* **PROMPT**
Repeat these records exactly, pictures excluded.

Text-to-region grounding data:

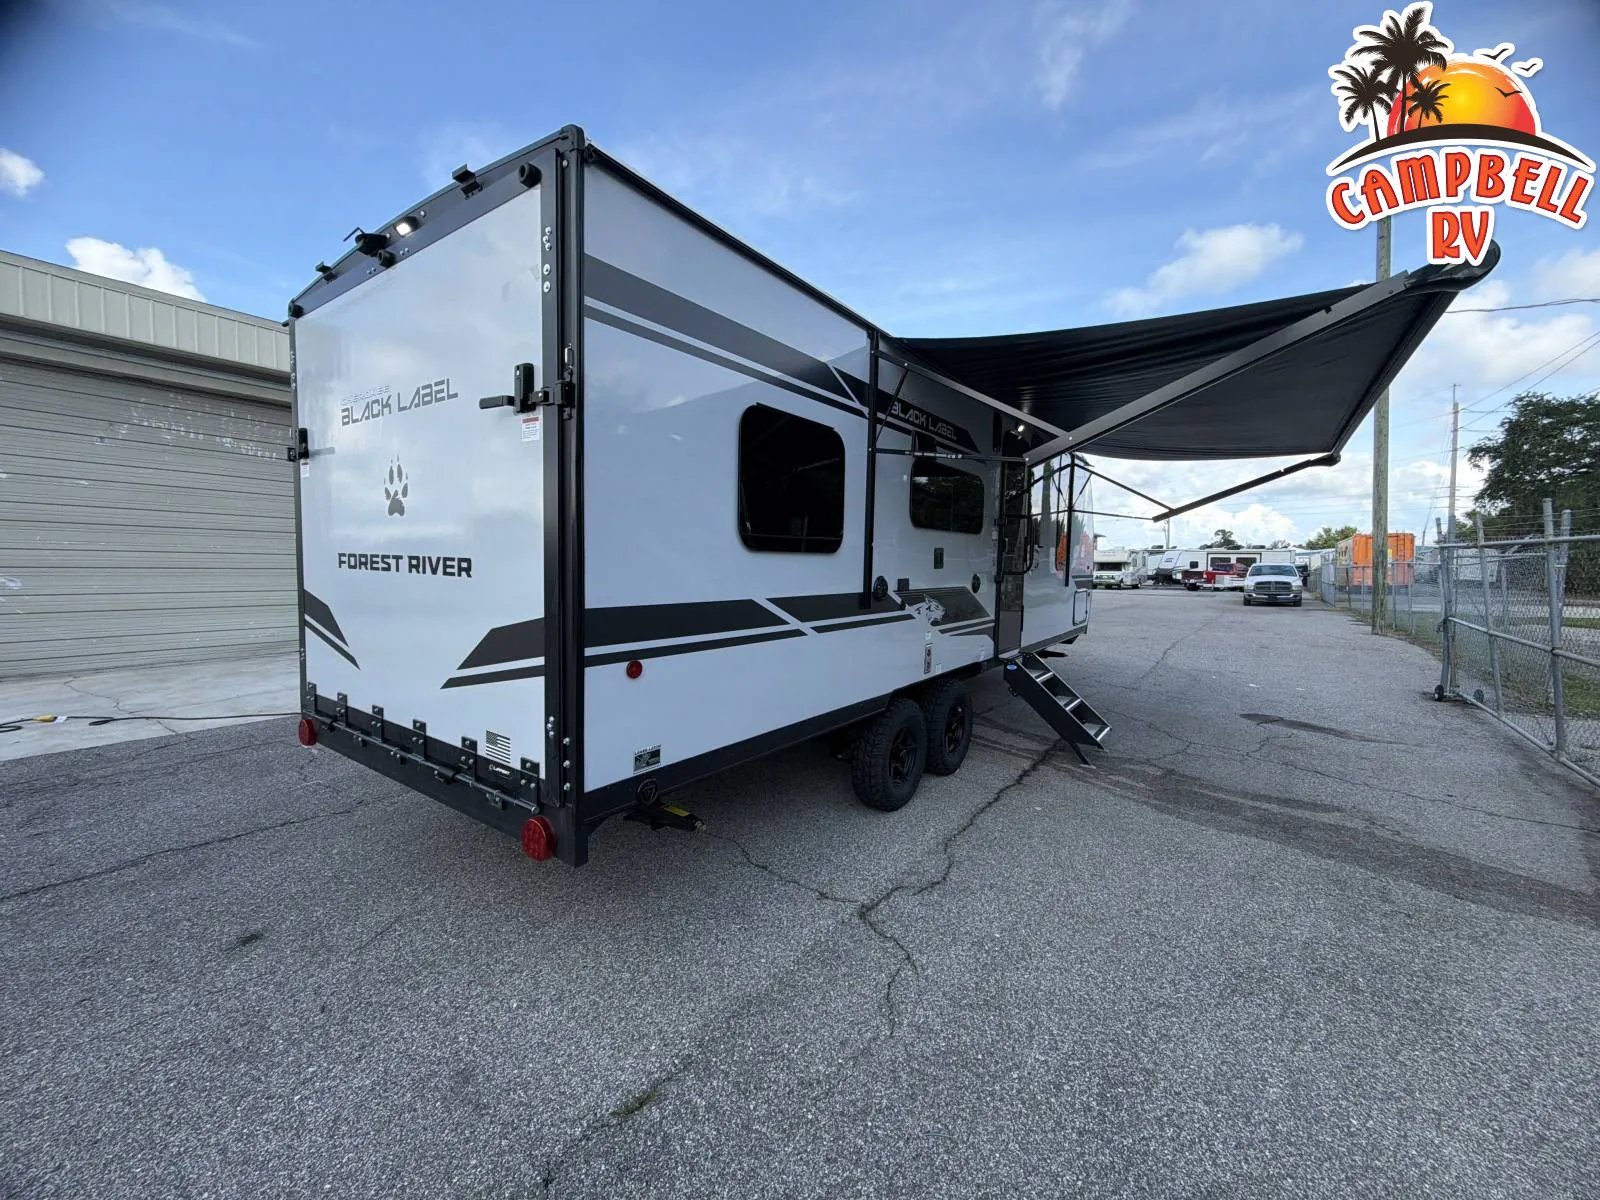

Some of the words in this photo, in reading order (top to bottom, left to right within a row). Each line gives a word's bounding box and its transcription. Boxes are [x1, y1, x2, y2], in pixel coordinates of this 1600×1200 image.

[340, 394, 392, 426] BLACK
[397, 378, 459, 412] LABEL
[890, 401, 927, 429] BLACK
[928, 417, 957, 440] LABEL
[337, 552, 404, 573] FOREST
[407, 555, 473, 578] RIVER
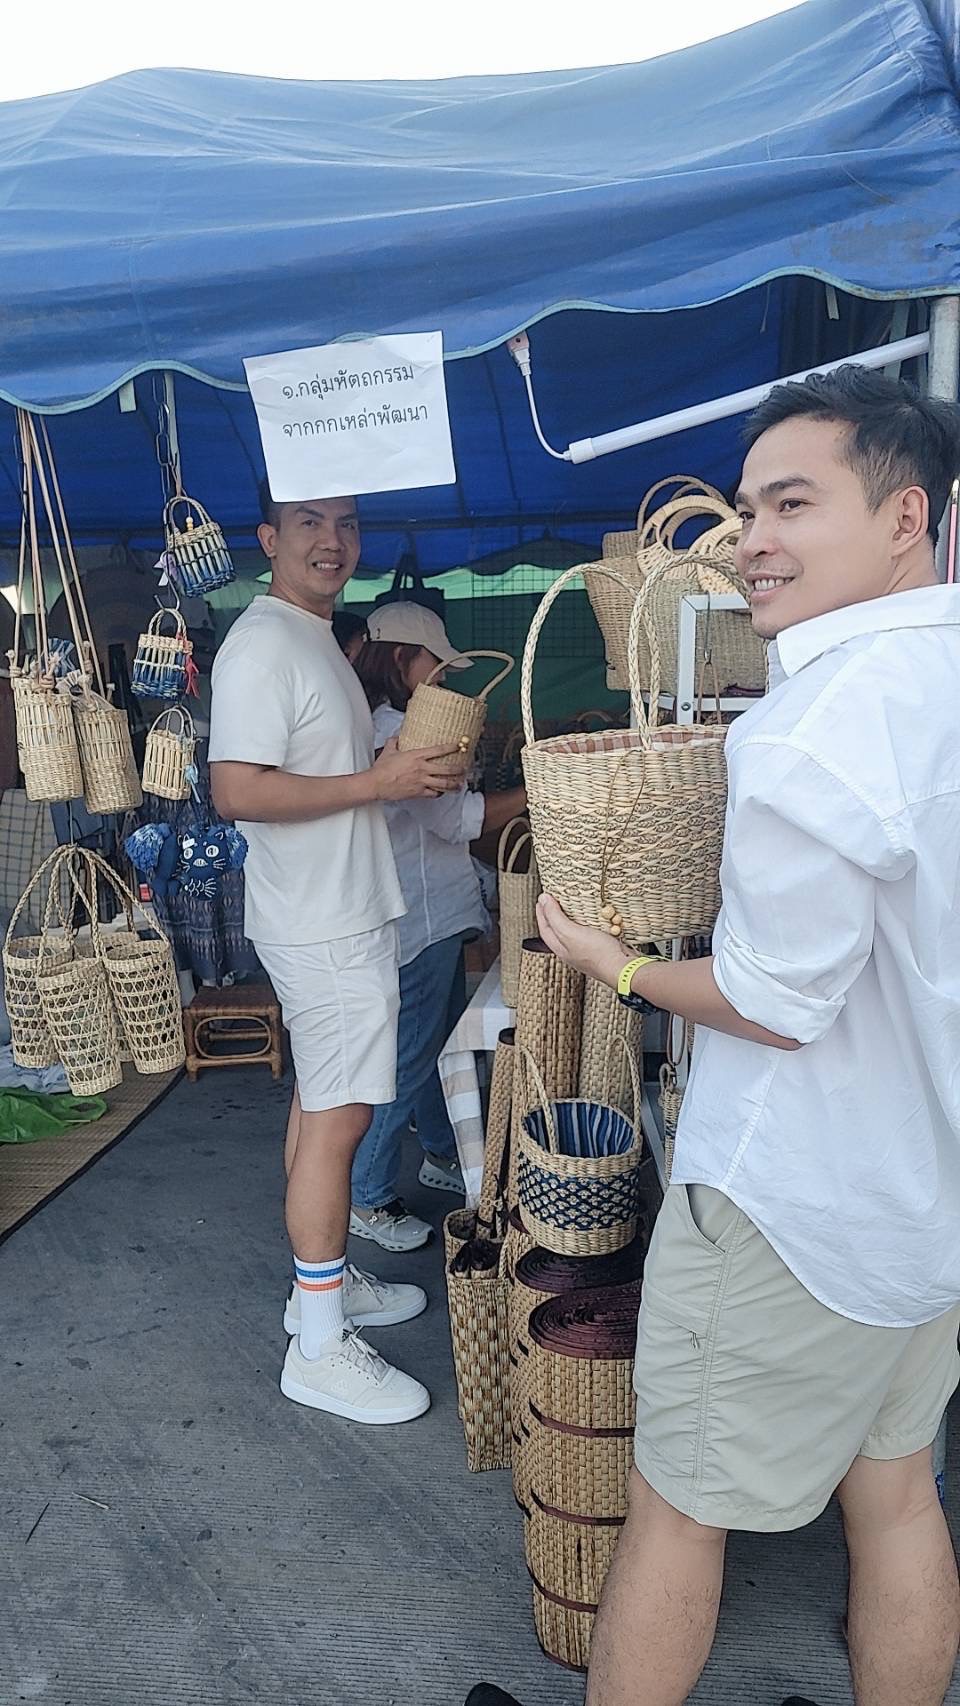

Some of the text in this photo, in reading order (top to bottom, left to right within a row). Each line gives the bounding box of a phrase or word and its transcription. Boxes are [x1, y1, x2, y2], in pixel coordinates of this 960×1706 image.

[282, 365, 414, 400] ๑.กลุ่มหัตถกรรม
[282, 404, 429, 437] จากกกเหล่าพัฒนา
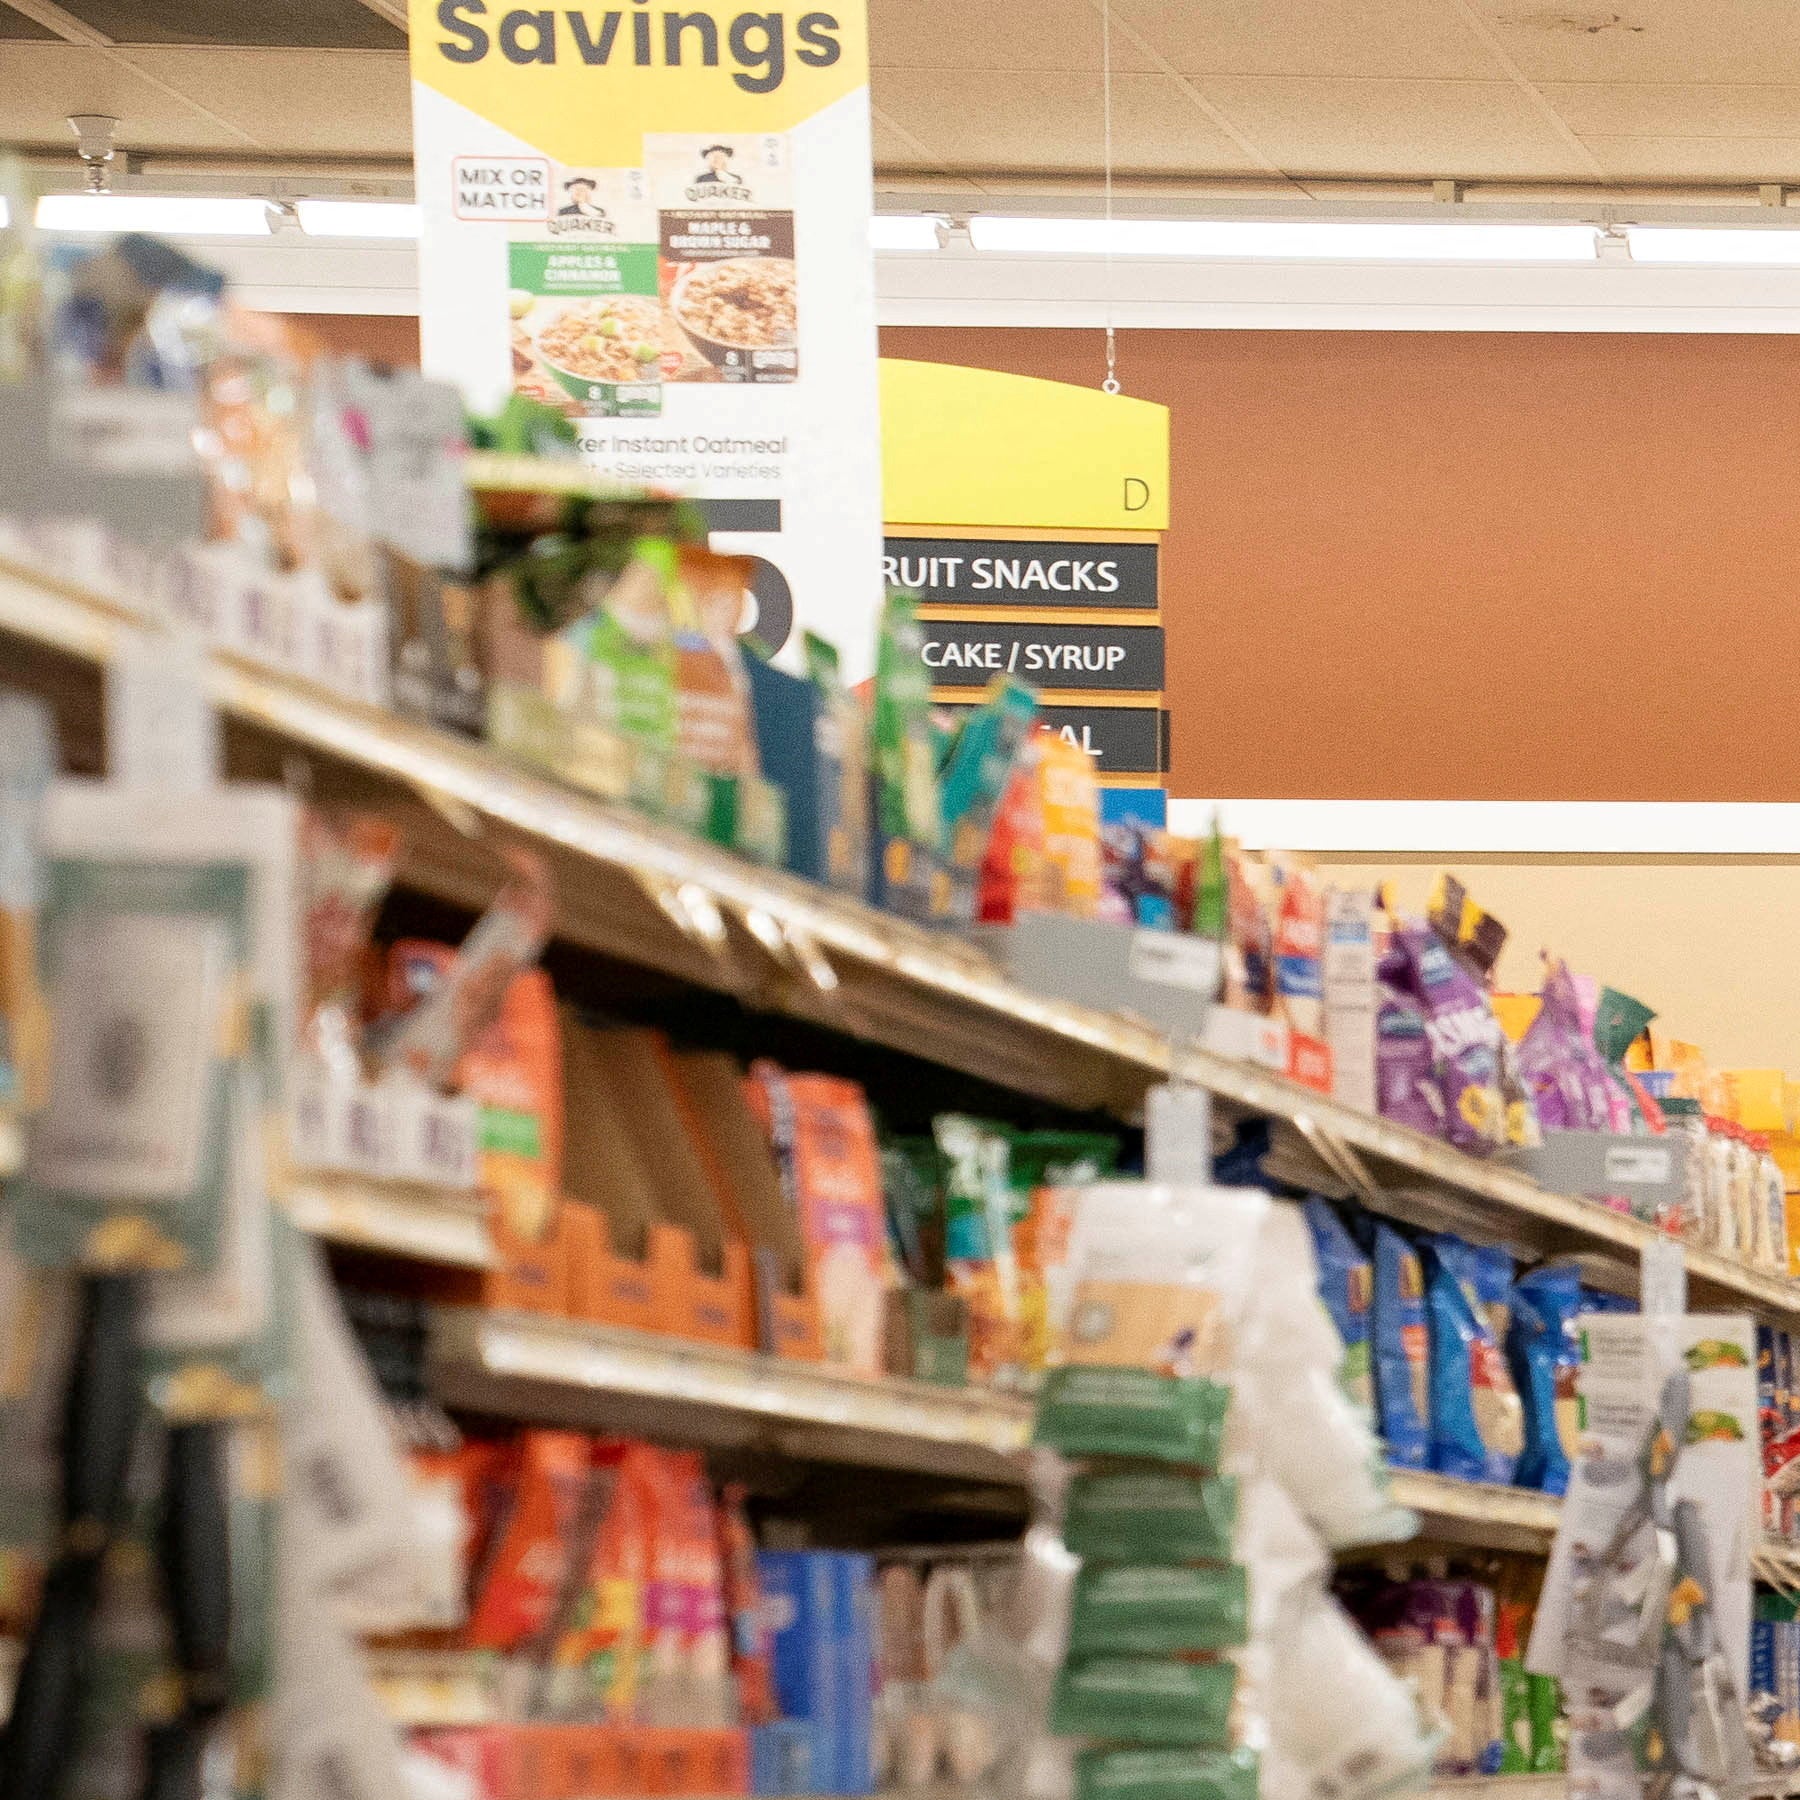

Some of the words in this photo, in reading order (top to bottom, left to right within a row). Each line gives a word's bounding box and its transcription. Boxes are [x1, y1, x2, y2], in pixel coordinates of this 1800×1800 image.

* **EXERCISE RESULT**
Some of the words in this photo, in reading order (top to bottom, left to right within a row). Each line gives a word's bounding box and its transcription. Boxes are [x1, y1, x2, y2], in pixel coordinates of this 1600×1200 image.

[340, 394, 392, 426] BLACK
[397, 378, 459, 412] LABEL
[890, 401, 927, 429] BLACK
[928, 417, 957, 440] LABEL
[337, 552, 404, 573] FOREST
[407, 555, 473, 578] RIVER

Some of the text in this photo, in reading order (top to bottom, left to right within a row). Each line gives the bounding box of a phrase or word and its transcription. Boxes are [x1, y1, x2, y2], in pixel coordinates of this 960×1706 image.

[282, 365, 414, 400] ๑.กลุ่มหัตถกรรม
[282, 404, 429, 437] จากกกเหล่าพัฒนา

Some of the words in this photo, in reading order (top to bottom, left to right within a row). Each line gives a word's bounding box and its transcription. Boxes are [x1, y1, x2, y2], in pixel coordinates of this 1800×1800 image.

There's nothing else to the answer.